JOELMA CALADA É UMA POETA

Para quem conhece Joelma, a voz da Banda Calypso, não foi uma surpresa a entrevista que deu ao jornalista Bruno Astuto da revista Época. Entre um assunto e outro, a cantora afirmou que se tivesse um filho gay “lutaria até a morte para fazer sua conversão”. Não contente em falar na tal “cura” ainda fez uma comparação tão absurda que até Deus deve ter ruborizado. “Já vi muitos se regenerarem. Conheço muitas mães que sofrem por terem filhos gays. É como um drogado tentando se recuperar”.

Mas é isso, não foi uma surpresa porque Joelma é reincidente no assunto preconceito. Em agosto do ano passado, um vídeo amador flagrou a cantora conversando com um fã gay e soltando pérolas como “[Você] vai se converter, vai virar homem, vai casar, ter filhos, vai dar muita alegria para o seu pai e sua mãe”. O fã ainda dá um belo troco – “Eu já dou, do jeito que sou” -, mas Joelma não quer nem saber.

Agora, diante da explosiva (e, felizmente, negativa) repercussão de suas palavras no final de semana , Joelma soltou um comunicado oficial com a velha desculpa que foi mal interpretada, que suas palavras foram distorcidas, aquela coisa toda. Até poderia ser verdade, pois existem jornalistas que são tão canalhas quanto ela é preconceituosa, mas esse vídeo do ano passado e suas declarações posteriores (“Conviver com o erro da pessoa é uma coisa, mas incentivar o erro é errado” ou “Falei em cura porque diversos fãs já me disseram que se livraram do homossexualismo”) confirmam que é isso mesmo que ela pensa. No domingo, em meio ao fogo cruzado, ela até retuitou um fã que disse o seguinte: “Tô contigo na sua opinião sobre os gays.
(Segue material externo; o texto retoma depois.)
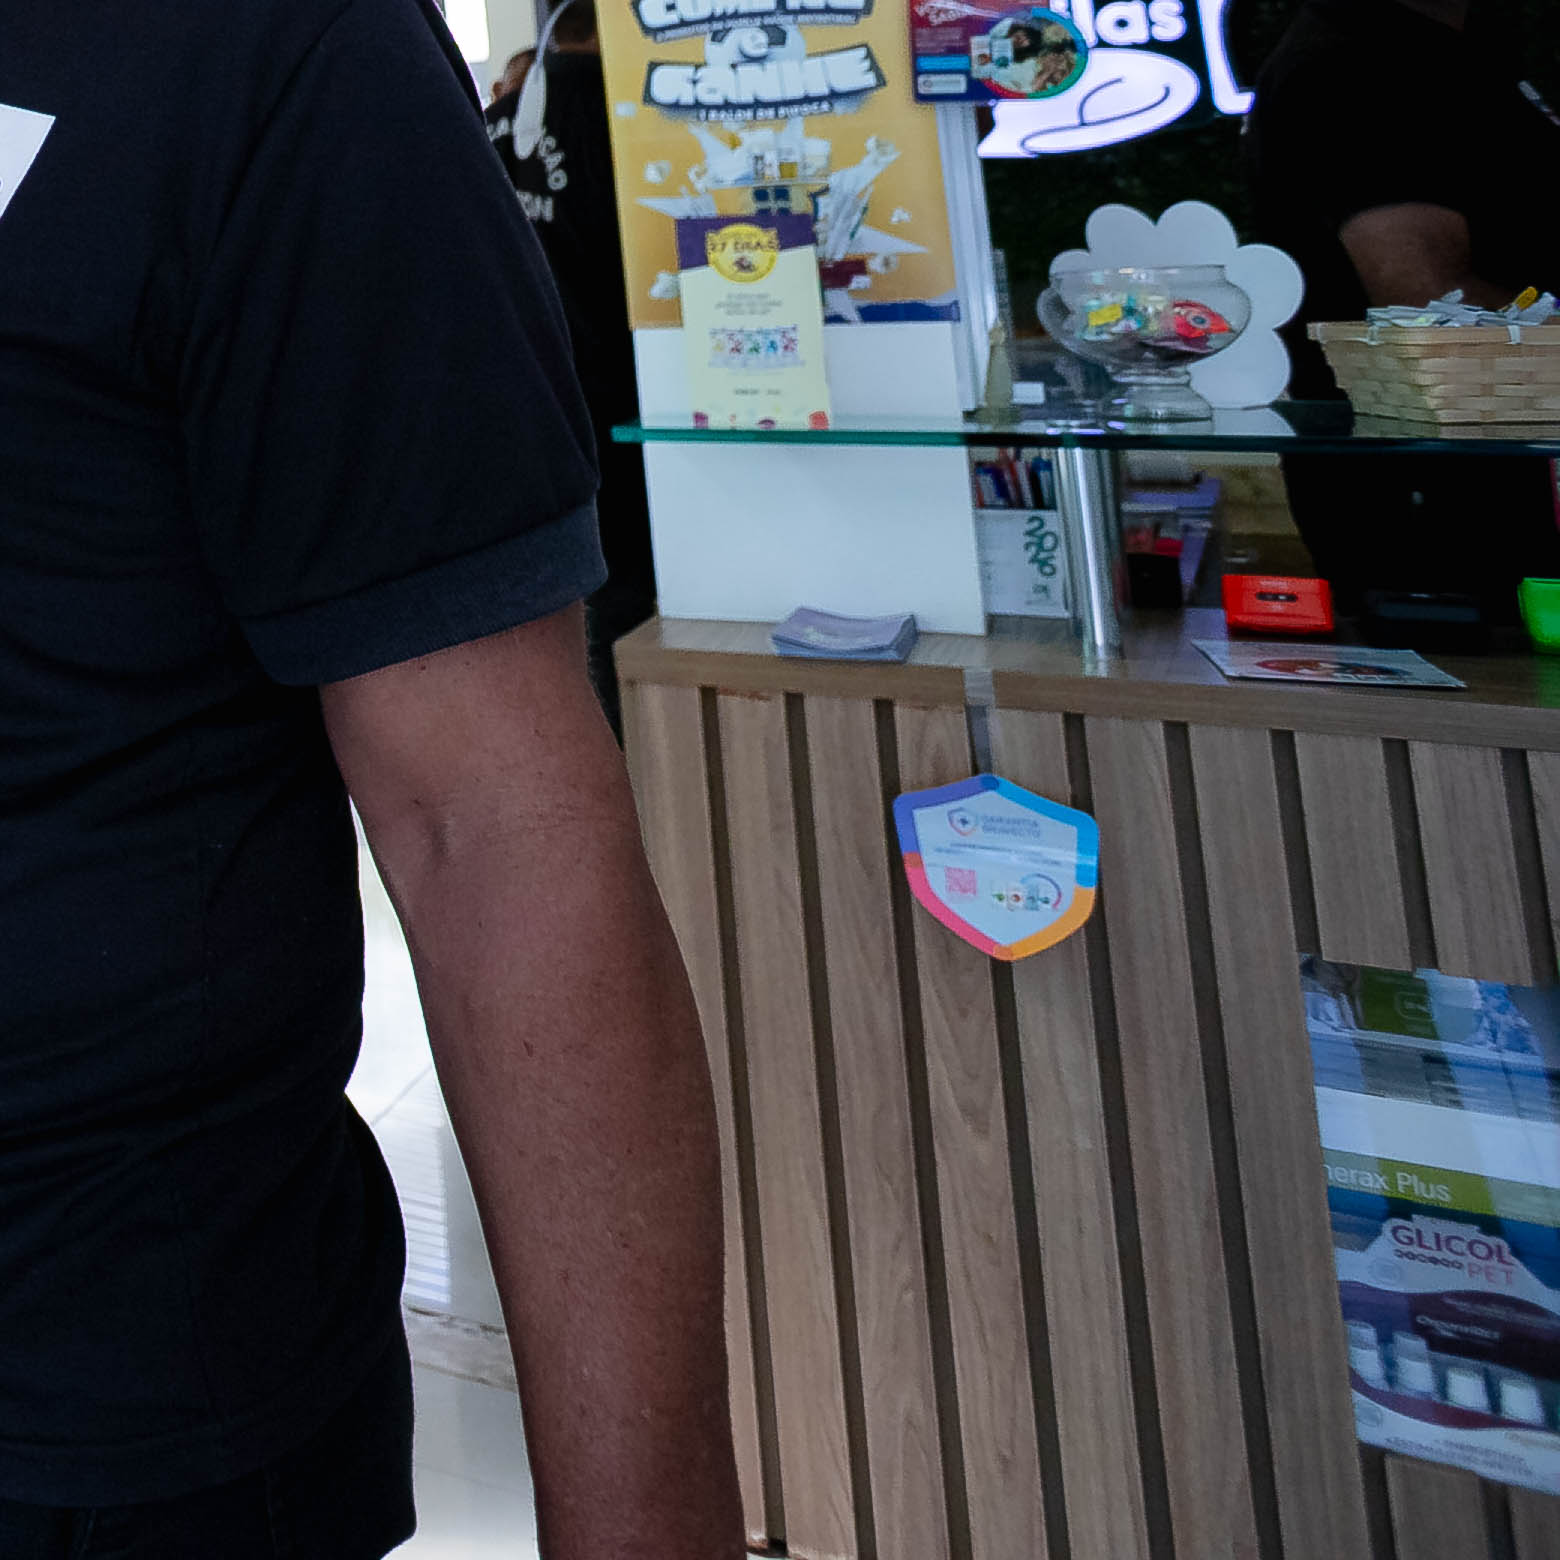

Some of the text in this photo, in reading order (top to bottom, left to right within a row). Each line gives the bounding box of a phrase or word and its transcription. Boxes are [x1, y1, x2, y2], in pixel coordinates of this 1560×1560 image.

[1396, 1173, 1452, 1203] Plus
[1391, 1224, 1515, 1266] GLICOL
[1468, 1265, 1515, 1286] PET
Também acho que ser gay é fogo no cu. Homem nasce pra ser homem e mulher pra ser mulher.” Para bom entendedor...

menos, muito menos joelma

E a liberdade de expressão (gritam seus fãs)? Bem, ela tem todo o direito de falar o que quer, mas também precisa arcar com as consequências de seus atos e falas. Isso é uma democracia. Ninguém é obrigado a aceitar ou gostar de homossexuais ou pitboys ou comediantes de stand up, mas é preciso respeitá-los. Os evangélicos e católicos não são obrigados a aceitar o casamento igualitário (civil), mas nosso Estado é laico e nenhuma religião tem o direito de se meter nesse assunto. É isso que pessoas nocivas como os deputados Marco Feliciano e Jair Bolsonaro não conseguem colocar em suas cabecinhas.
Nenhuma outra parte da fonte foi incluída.